*TASK BRIEF*: The result should be an exact copy of the data, free of pictures.

*RECORDS FOR THIS TASK*:
_____
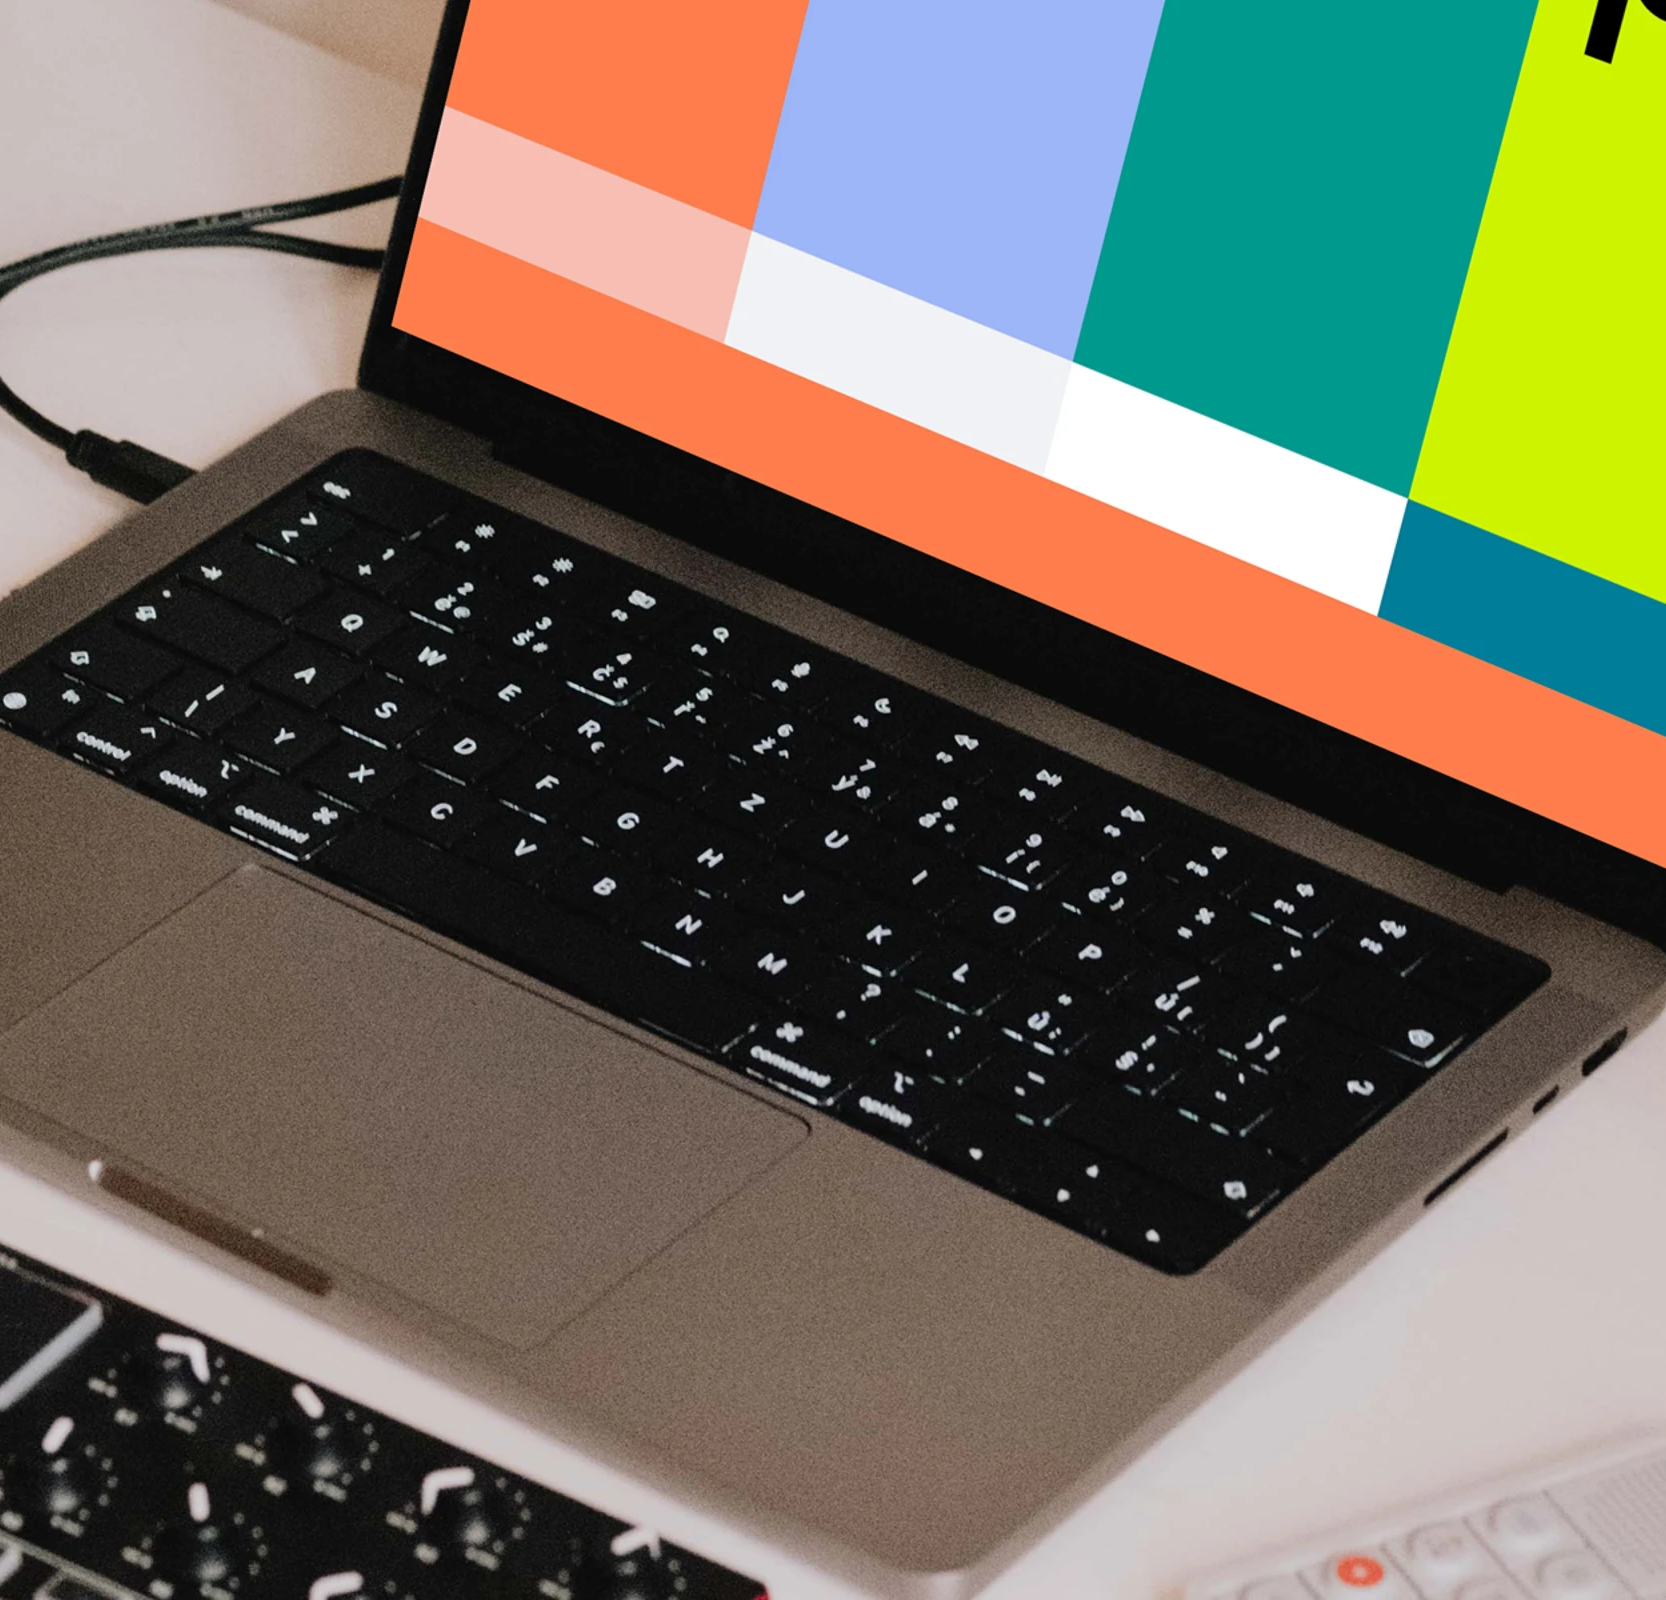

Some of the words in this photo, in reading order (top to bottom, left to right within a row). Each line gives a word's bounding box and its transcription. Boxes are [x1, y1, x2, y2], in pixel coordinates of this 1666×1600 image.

[340, 613, 364, 633] Q
[417, 645, 448, 667] W
[293, 667, 317, 685] A
[497, 683, 522, 702] E
[374, 701, 398, 719] S
[273, 727, 296, 745] Y
[577, 719, 601, 739] R
[76, 731, 132, 762] control
[453, 737, 477, 756] D
[348, 763, 375, 784] X
[662, 755, 685, 773] T
[159, 769, 208, 798] option
[535, 774, 560, 790] F
[430, 802, 454, 820] C
[739, 792, 766, 813] Z
[234, 804, 310, 844] command
[616, 812, 640, 830] G
[514, 838, 538, 857] V
[824, 829, 850, 849] U
[696, 847, 724, 868] H
[592, 876, 617, 896] B
[782, 889, 806, 905] J
[675, 914, 703, 935] N
[866, 924, 892, 945] K
[1078, 943, 1103, 960] P
[757, 952, 788, 975] M
[952, 963, 969, 983] L
_____
*REPLY*:
Some of the words in this photo, in reading order (top to bottom, left to right within a row). Each line gives a word's bounding box and its transcription. Boxes are [x1, y1, x2, y2], in pixel coordinates of this 1666×1600 image.

[340, 613, 364, 633] Q
[417, 645, 448, 667] W
[293, 667, 317, 685] A
[497, 683, 522, 702] E
[374, 701, 398, 719] S
[273, 727, 296, 745] Y
[577, 719, 601, 739] R
[76, 731, 132, 762] control
[453, 737, 477, 756] D
[348, 763, 375, 784] X
[662, 755, 685, 773] T
[159, 769, 208, 798] option
[535, 774, 560, 790] F
[430, 802, 454, 820] C
[739, 792, 766, 813] Z
[234, 804, 310, 844] command
[616, 812, 640, 830] G
[514, 838, 538, 857] V
[824, 829, 850, 849] U
[696, 847, 724, 868] H
[592, 876, 617, 896] B
[782, 889, 806, 905] J
[675, 914, 703, 935] N
[866, 924, 892, 945] K
[1078, 943, 1103, 960] P
[757, 952, 788, 975] M
[952, 963, 969, 983] L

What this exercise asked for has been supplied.